Comment Jankélévitch, le philosophe de l’imprescriptible, envisageait-il le pardon ?
C.F. : En 1967, Jankélévitch publie Le pardon et revient sur l’insoluble problème de celui-ci, à savoir l’impardonnable : si nous pardonnons seulement ce qui est pardonnable, est-ce vraiment du pardon ? Pour pouvoir être authentiquement pardon, faut-il que celui-ci soit sans conditions ? Ou, à l’inverse, est-ce précisément parce qu’il y a des choses impardonnables que la morale existe. La question est insoluble… Mais pour Jankélévitch, il sera impossible de pardonner parce que « le pardon est mort dans les camps de la mort ». Qui est-il, lui, le professeur musicologue pour pardonner ? Ceux qui le pouvaient ont disparu, et les survivants, comme les témoins ne peuvent voler ce geste.

Quelle était sa relation avec l’Allemagne ?
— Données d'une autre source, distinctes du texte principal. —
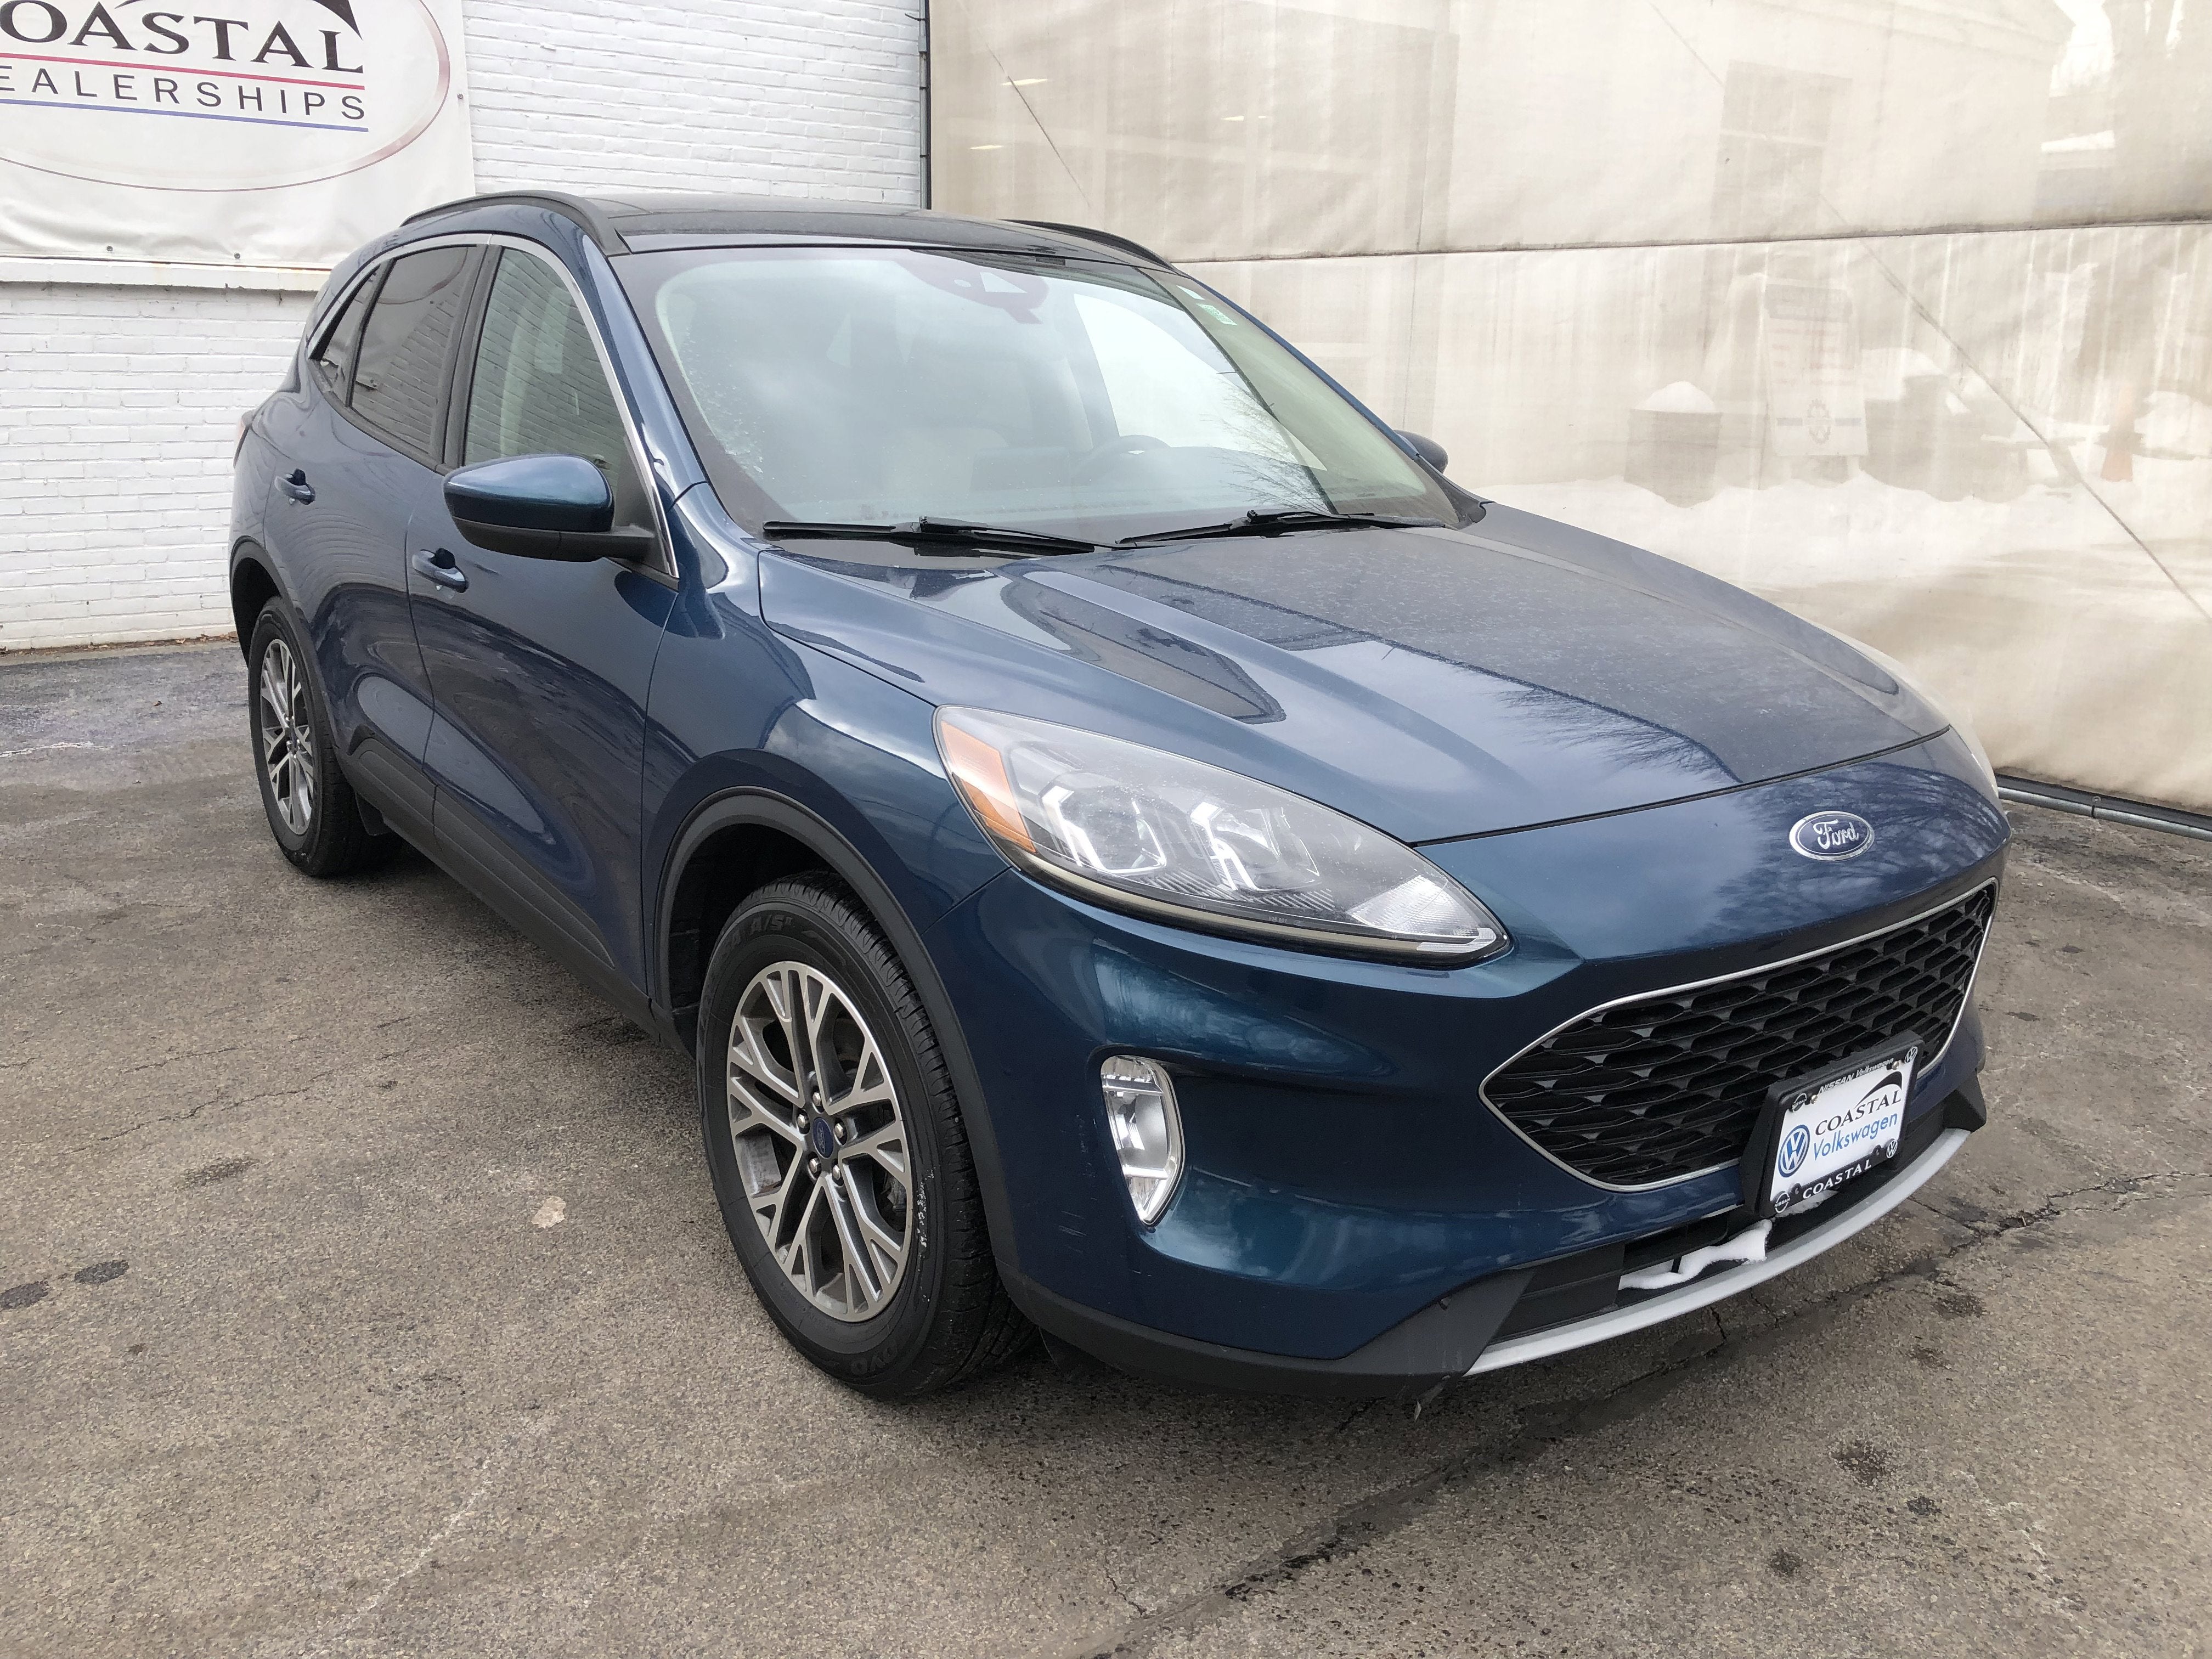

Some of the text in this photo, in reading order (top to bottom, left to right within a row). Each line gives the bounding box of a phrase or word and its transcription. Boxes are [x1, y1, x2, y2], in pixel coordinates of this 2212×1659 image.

[1813, 819, 1859, 849] Ford
[1819, 1073, 1854, 1095] NISSAN
[1815, 1090, 1901, 1136] COASTAL
[1814, 1113, 1898, 1160] Volkswagen
[1803, 1159, 1872, 1199] COASTAL
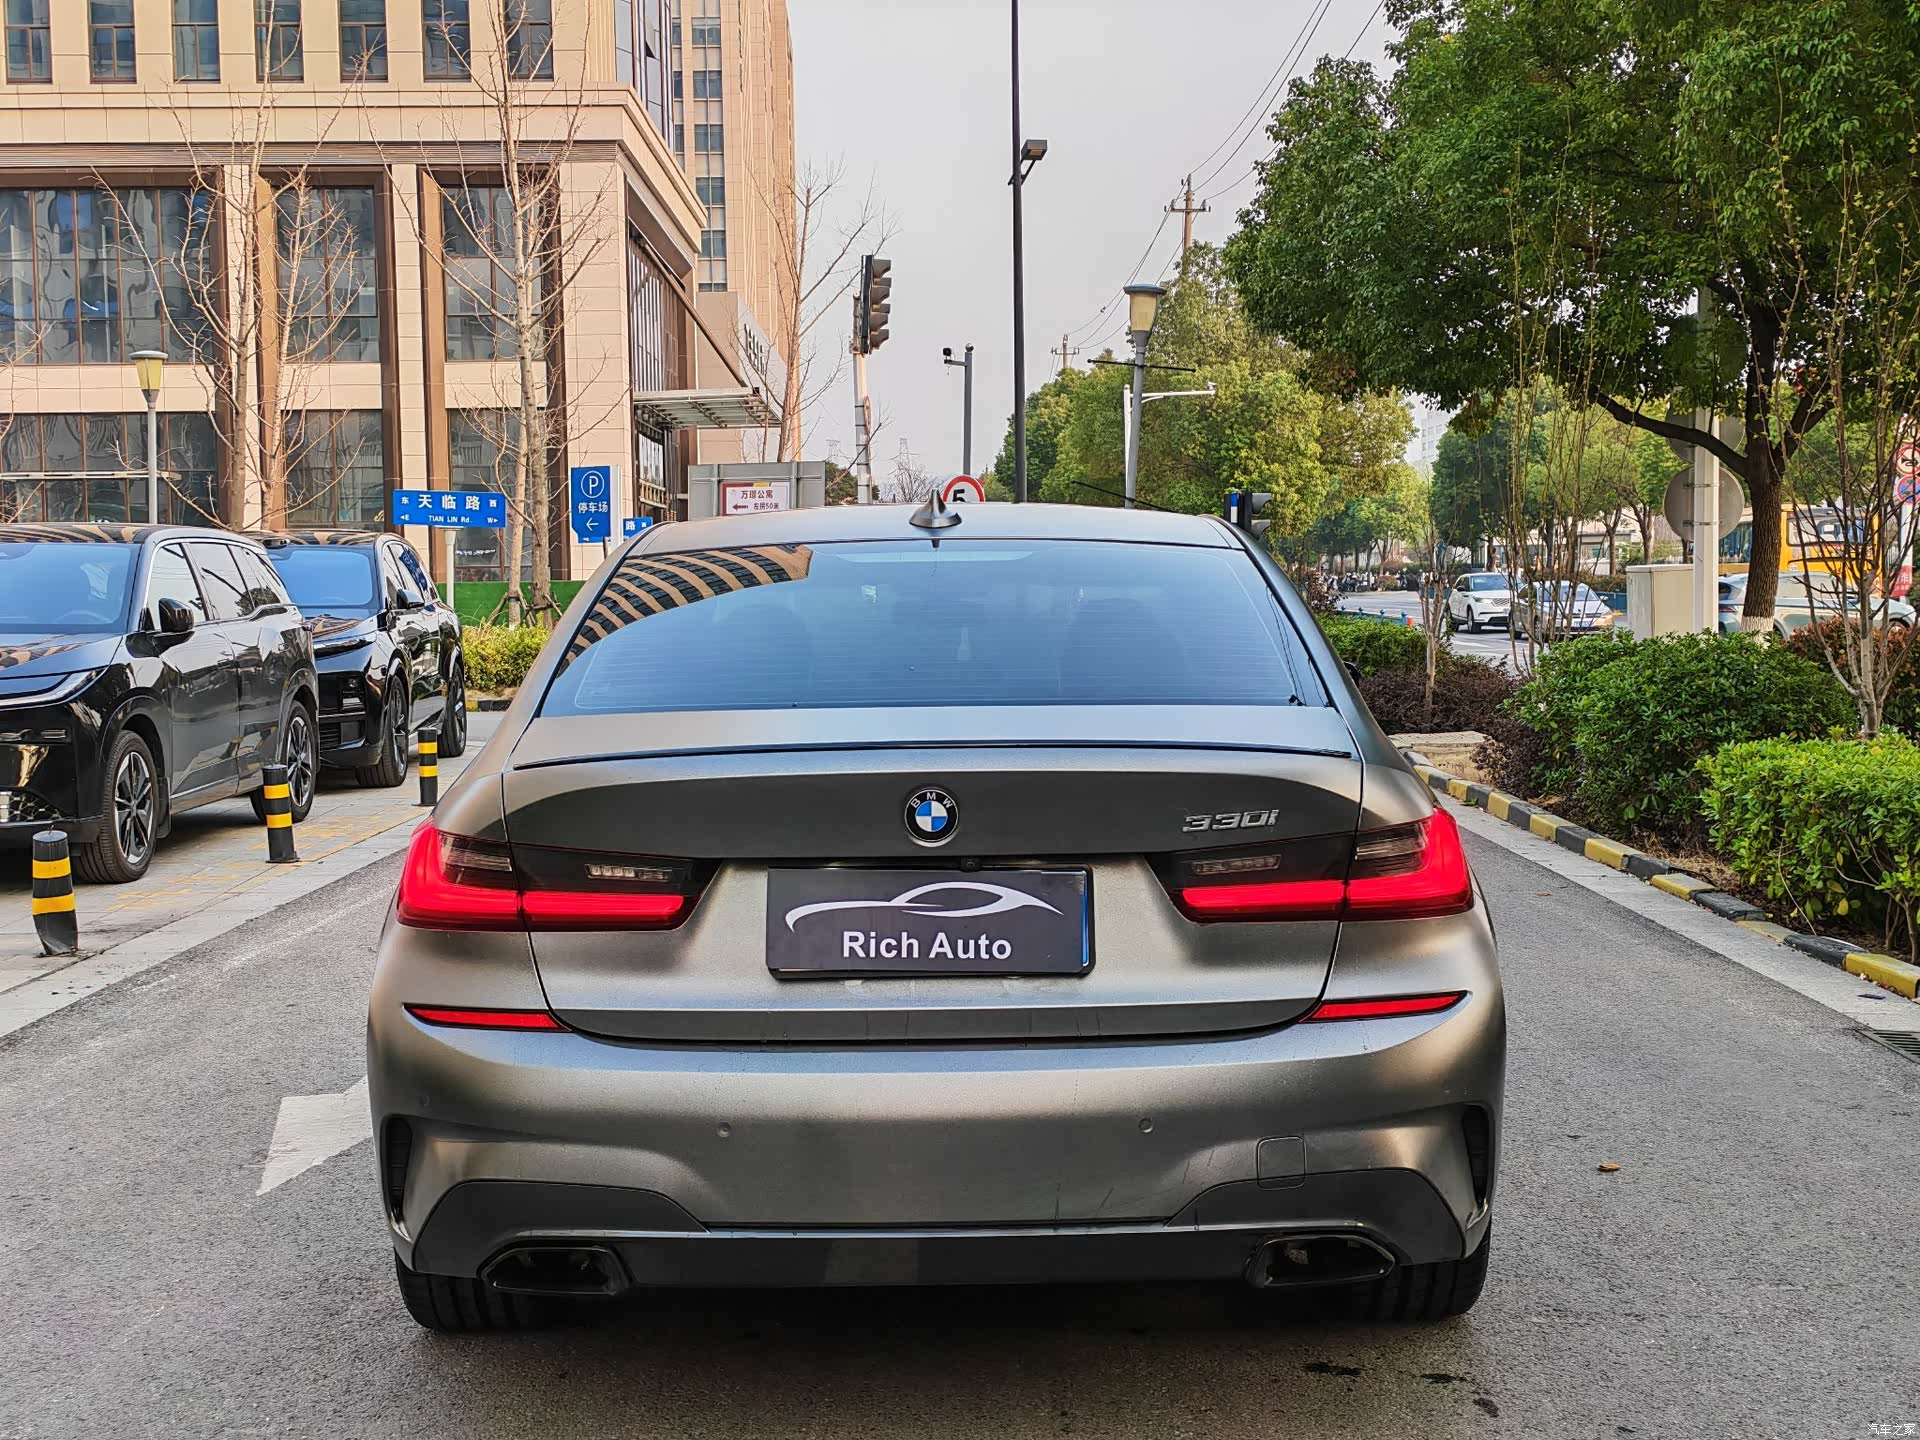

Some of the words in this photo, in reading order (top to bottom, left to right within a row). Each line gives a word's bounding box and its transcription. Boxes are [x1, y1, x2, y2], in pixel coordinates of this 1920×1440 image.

[589, 475, 599, 495] P
[401, 496, 409, 504] 东
[418, 494, 480, 510] 天临路
[578, 501, 608, 514] 停车场
[910, 792, 953, 809] BMW
[1182, 809, 1280, 832] 330i
[842, 931, 919, 959] Rich
[929, 932, 1012, 960] Auto
C.F. : La phrase qu’il a souvent répétée avec l’Allemagne est la suivante : « Nous a-t-on demandé pardon ? » et, longtemps, il a attendu de la part des Allemands, et notamment de ses collègues philosophes allemands cette sollicitation. En 1980, Wiard Raveling, professeur de français dans l’enseignement secondaire, entend la supplique de Jankélévitch. Né en 1939, cet Allemand est innocent des crimes de la Seconde Guerre mondiale, pourtant il considère celle-ci comme étant inséparable de sa vie, de sa culture, de sa responsabilité. Lui, à la différence d’autres, veut demander pardon, et ce pardon il l’adresse dans une lettre, à Jankélévitch. Cette missive va bouleverser Jankélévitch, même s’il refusera de se rendre en Allemagne pour le rencontrer. En revanche, il invitera Raveling chez lui, Quai aux fleurs, au cœur de Paris. Après la guerre, Jankélévitch a refusé tout contact avec la philosophie allemande, la musique allemande, et cet acte a été jugé, à juste titre, très irrationnel, surtout pour le philosophe de la nuance, comme il savait l’être aussi. Mais voilà, la meurtrissure était trop forte, et l’important à ce moment-là était de défendre l’imprescriptible, de dénoncer jusqu’à la fin des temps l’horreur des camps et du nazisme, et de faire entendre à toutes les générations futures cet impardonnable, non pour distiller l’esprit de vengeance, mais pour ancrer à tout jamais l’obligation de vigilance. Ilan Levy

* Pour fêter les 10 ans de la série « Un été avec», Cynthia Fleury a choisi de faire découvrir aux auditeurs Vladimir Jankélévitch, penseur-clé du XXème siècle qui disait ne travailler que pour le XXIIème siècle.